Quand Brett me lance les clés et que je les attrape, nos cerveaux sont temporairement synchronisés, chacun suivant la trajectoire des clés dans les airs, calculant où ma main doit être pour entrer en contact. La recherche montre qu'il peut être gratifiant d'être en phase avec une autre personne lorsque nous travaillons ensemble (bien que nos cerveaux se synchronisent également lorsque nous vivons des expériences douloureuses et désagréables avec les autres). Par exemple, les gens montrent plus d'activation dans les régions de pertinence sociale et de récompense lorsqu'ils coopèrent pour résoudre un labyrinthe ensemble que lorsqu'ils le résolvent seuls. Le système de pertinence sociale nous aide à comprendre les autres et nous met en accord avec eux, et le système de valeurs nous récompense lorsque cet alignement se produit.
Mais la synchronisation de cerveau à cerveau n'est pas seulement utile pour la récompense intrinsèque qu'elle procure, elle est aussi une base pour la compréhension partagée qui nous permet de communiquer avec succès et de travailler ensemble. Nous tenons souvent pour acquis que lorsque nous racontons un incident à une autre personne, elle sera en mesure de comprendre l'expérience que nous avons vécue, ou que lorsque nous donnons des instructions à un membre de l'équipe, il sera en mesure de comprendre ce que nous voulons qu'il fasse.

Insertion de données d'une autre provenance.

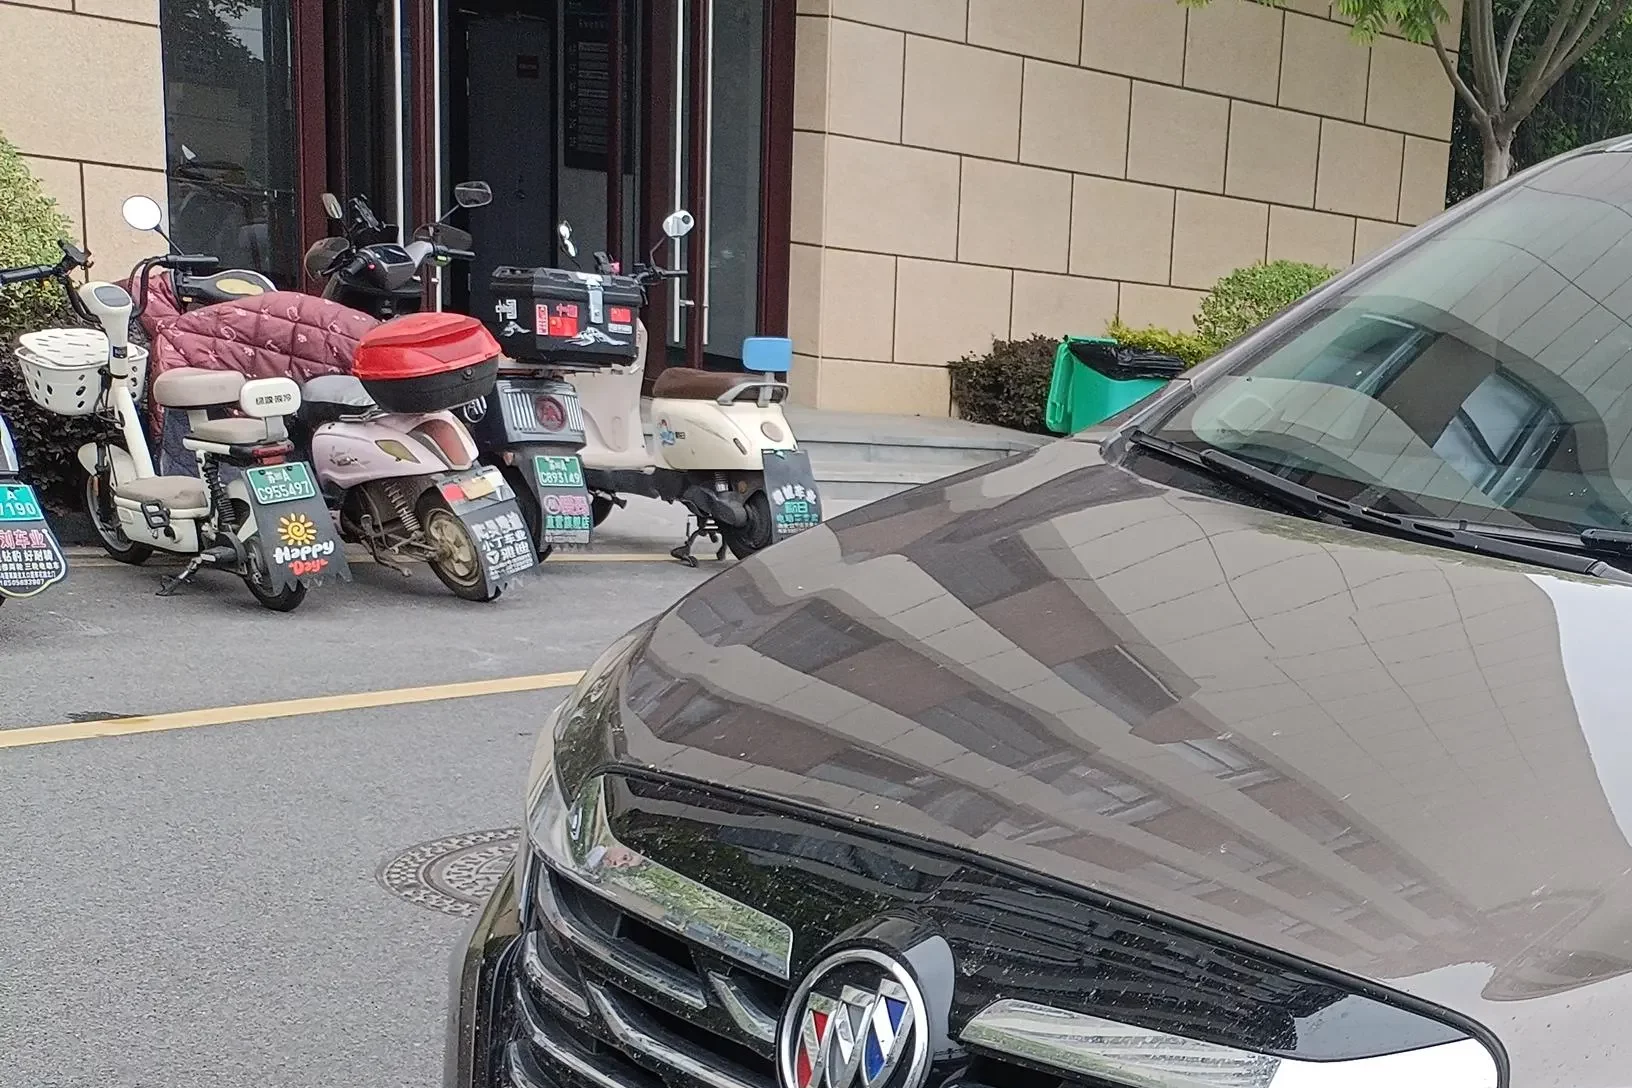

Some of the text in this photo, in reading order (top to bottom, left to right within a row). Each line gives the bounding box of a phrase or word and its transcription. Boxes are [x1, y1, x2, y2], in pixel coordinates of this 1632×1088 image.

La synchronisation de cerveau à cerveau est une partie de ce qui rend cela possible, alors qu'un manque de synchronisation de cerveau à cerveau est associé à une moindre compréhension partagée.

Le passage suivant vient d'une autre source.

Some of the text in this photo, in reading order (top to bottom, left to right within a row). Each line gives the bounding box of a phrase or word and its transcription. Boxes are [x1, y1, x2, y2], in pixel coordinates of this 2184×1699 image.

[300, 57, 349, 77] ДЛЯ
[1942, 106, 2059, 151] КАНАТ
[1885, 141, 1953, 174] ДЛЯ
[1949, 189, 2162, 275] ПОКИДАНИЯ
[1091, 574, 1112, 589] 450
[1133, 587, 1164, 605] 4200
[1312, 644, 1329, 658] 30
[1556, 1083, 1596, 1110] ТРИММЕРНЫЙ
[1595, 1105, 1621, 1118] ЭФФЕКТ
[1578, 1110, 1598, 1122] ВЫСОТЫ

Par exemple, lorsque les gens écoutaient une histoire racontée par un inconnu, plus le cerveau de l'auditeur suivait les mêmes schémas que celui du narrateur, plus ils se souvenaient correctement de ce qui s'était passé dans l'histoire par la suite. En d'autres termes, lorsque le cerveau du narrateur et le cerveau de l'auditeur étaient en phase, les auditeurs apprenaient de l'histoire du narrateur. Dans une autre étude, plus les cerveaux des élèves reflétaient les schémas du cerveau de l'enseignant, plus les élèves apprenaient avec succès les faits du cours de l'enseignant. Les élèves dont les cerveaux montraient le plus fort couplage avec l'enseignant ont également montré les plus grands gains dans les scores d'apprentissage. De même, dans une expérience de laboratoire dans laquelle des personnes ont été assignées au hasard à résoudre des problèmes seules ou en équipes de quatre, plus les membres de l'équipe montraient une activité cérébrale synchronisée lorsqu'ils résolvaient les problèmes, meilleures étaient leurs performances. La recherche montre également que la synchronisation neuronale est essentielle pour communiquer avec succès des informations sur des expériences que quelqu'un d'autre n'a peut-être pas encore vécues.

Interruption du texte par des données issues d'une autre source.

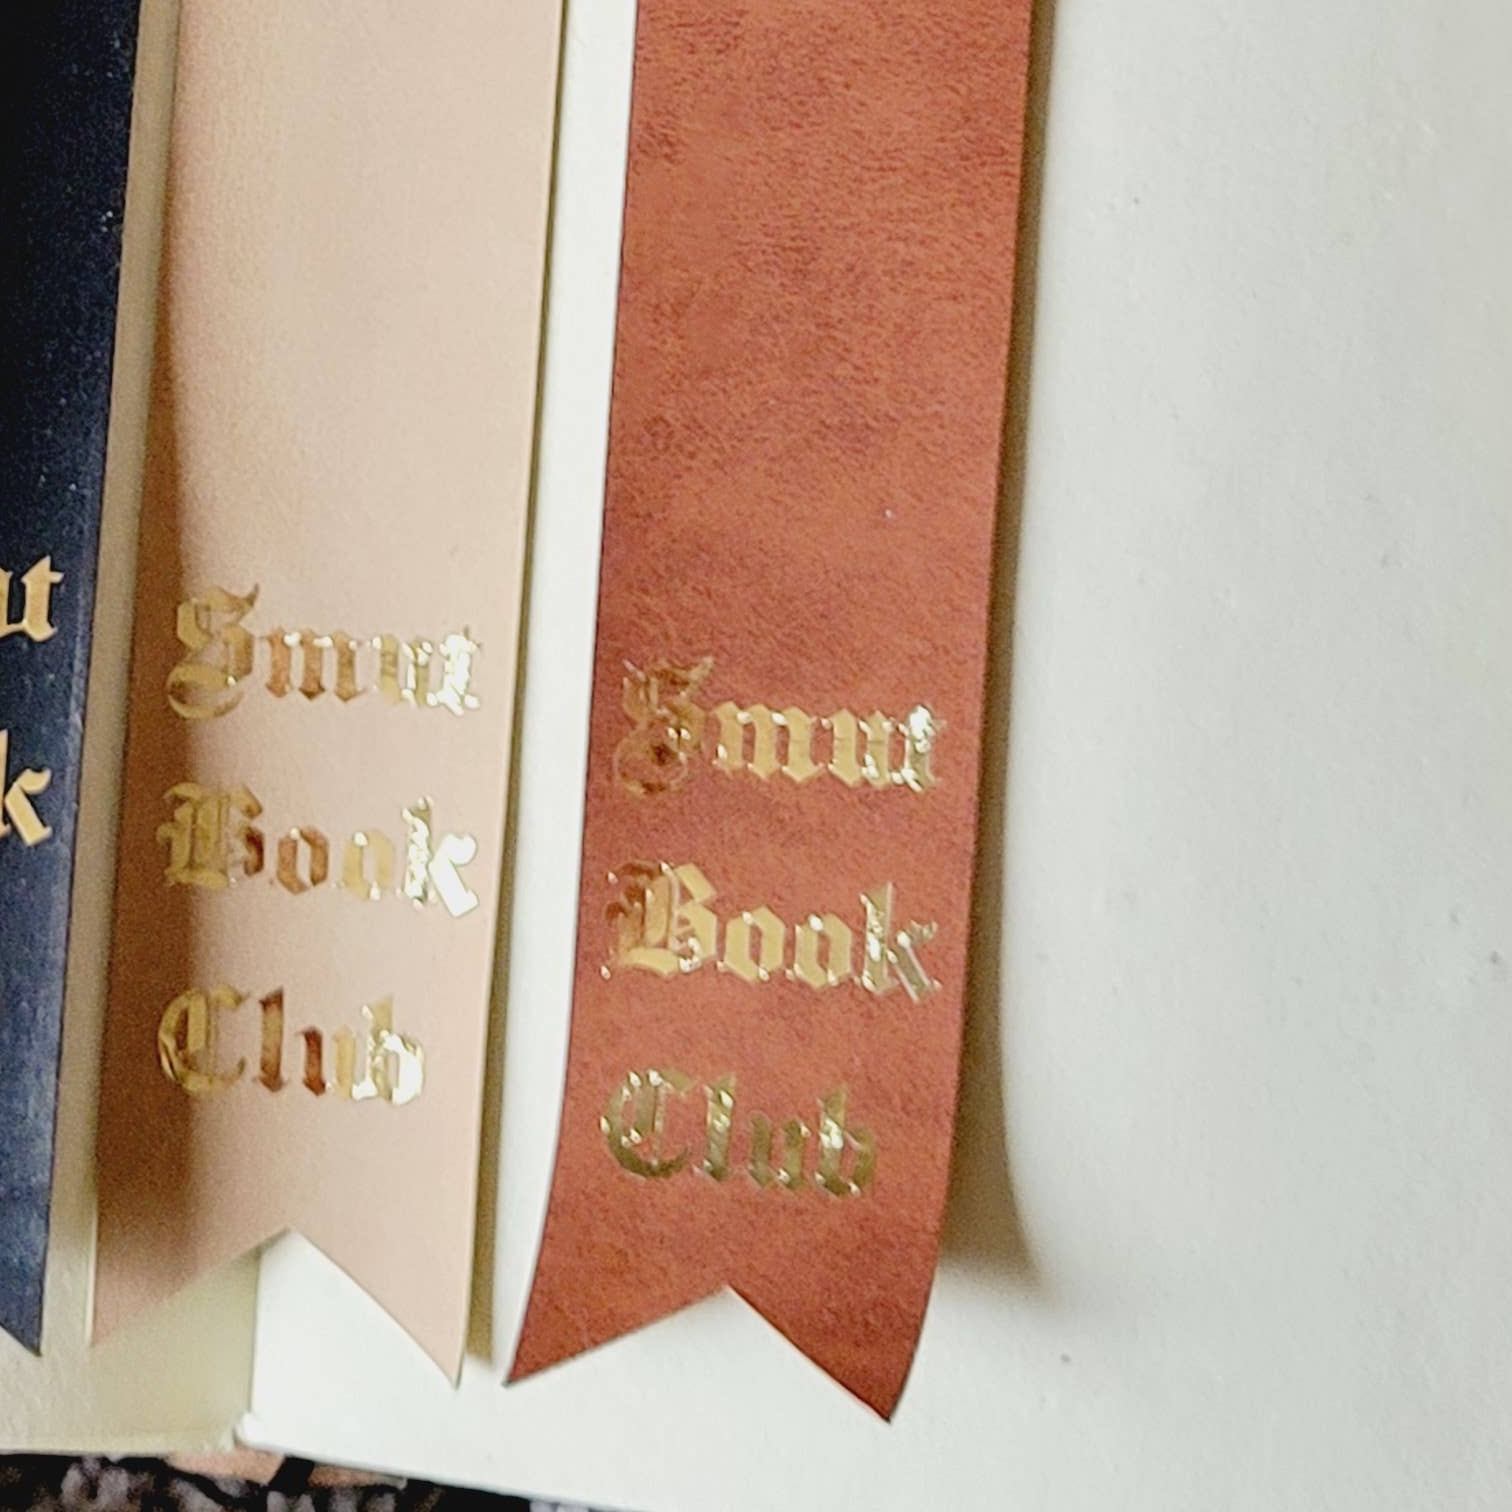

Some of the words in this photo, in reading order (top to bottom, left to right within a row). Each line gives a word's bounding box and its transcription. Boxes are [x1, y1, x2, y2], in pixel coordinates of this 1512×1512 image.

Vous pouvez probablement imaginer les avantages considérables de la capacité à synchroniser nos cerveaux et, par conséquent, à apprendre des expériences et des connaissances des autres. Si votre médecin comprend votre emploi du temps quotidien, il peut mieux vous aider à établir un plan qui vous permettra de vous souvenir de prendre vos médicaments. Si votre patron peut décrire efficacement son expérience antérieure de présentation à un client dans une grande salle de conférence avec de l'écho, et que vous pouvez imaginer cette salle dans laquelle vous n'avez jamais été, vous pouvez ajuster votre présentation afin que les personnes situées à l'extrémité de la table n'aient pas besoin de plisser les yeux pour lire le texte sur vos diapositives, et vous pouvez demander un microphone afin que tous les membres de l'équipe puissent mieux vous entendre. De même, si vous travaillez dans une équipe où votre communication vous met en phase avec vos coéquipiers, vous pouvez vous retrouver à être capable d'anticiper ce que vos coéquipiers vont faire, ce qui rendra plus fluide le travail auquel vous collaborez.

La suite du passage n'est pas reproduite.